If one were to read any post on LinkedIn pertaining to medical affairs vacancies or individuals touting their services, the focus is on being a signatory for the ABPI code – an attribute that is a core skill but not the primary function of medical affairs. Good risk assessment and support of the commercial strategy around a medicine not only needs knowledge of industry working practices but the understanding mentioned above as well as the ability to implement that knowledge into medical activities.  Arguably this has waned in the industry over recent years or in some organisations has been devolved to other departments.

The deficit in GCP understanding can, and has, led to a lack of a cohesive strategy by the industry around real-world data generation and its role in reimbursement. It should be conceded that developmental data to achieve marketing authorisation or cost-effectiveness data, is not necessarily applicable, in totality, to real world settings.
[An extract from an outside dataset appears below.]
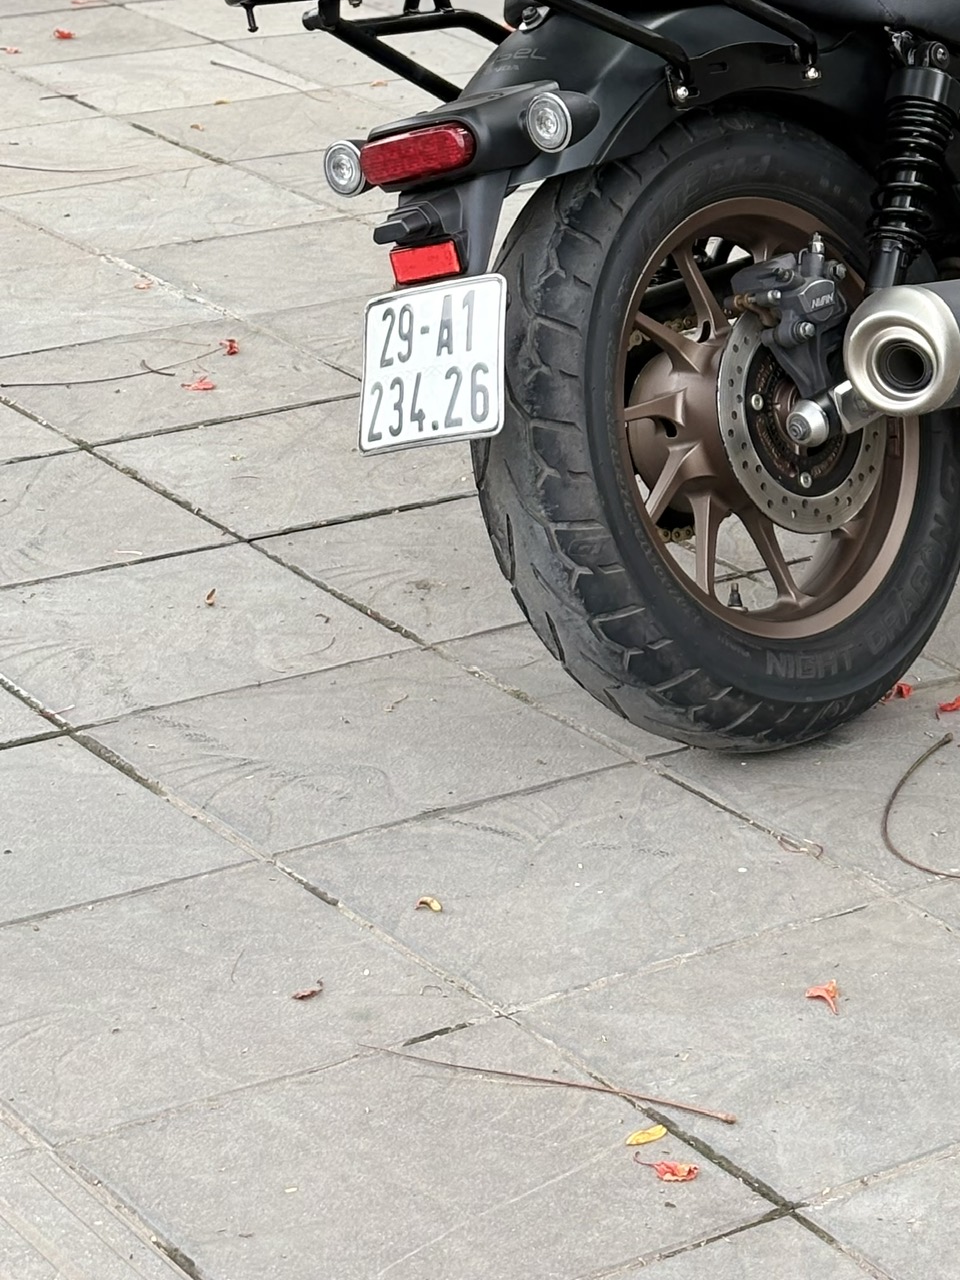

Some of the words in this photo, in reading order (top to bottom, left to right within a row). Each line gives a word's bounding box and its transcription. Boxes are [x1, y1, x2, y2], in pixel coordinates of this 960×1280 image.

There are recent examples where the innovation inherent in a new medicine, after reimbursement, has led to the unmasking of, hitherto, unknown safety signals. The generation of real-world data is not only to assist reimbursement authorities but also to fulfil our duty as an industry in evolving the efficacy and safety profiles of our medicines. With better equipped individuals, real-world data generation does not need to be de novo. For example, the current pharmacovigilance reporting framework could be utilised as a tool to generate real-world performance data, but this requires a degree of experience that many medical affairs departments currently lack.

There is no quick solution to fixing the skills gap. To remedy the situation it requires organisations to examine how medical affairs partners with the business and how developmental opportunities are created for key medical affairs staff. The centralisation of the conduct of clinical trials by some industry members is a good example of how an opportunity to increase experience has been limited and squandered.  Better integration of medical affairs into the wider business is vital with a focus on developing complementary medical plans. The greatest impact though will be medical affairs themselves taking ownership and placing an emphasis on GCP knowledge and its value to the wider business, above and beyond other core skills that are currently seen as surrogates for good medical affairs operational excellence.

Dr Dilruwan Chaminda Herath has 20 years of experience working within the healthcare and pharmaceutical industry. He worked as a Medical Advisor at Roche and performed the role of Honorary Physician at St Mary’s Hospital, London, before taking the position as Medical Director, UK & Ireland, at Gilead for eight years. He currently works as Medical Director for Chiesi Group.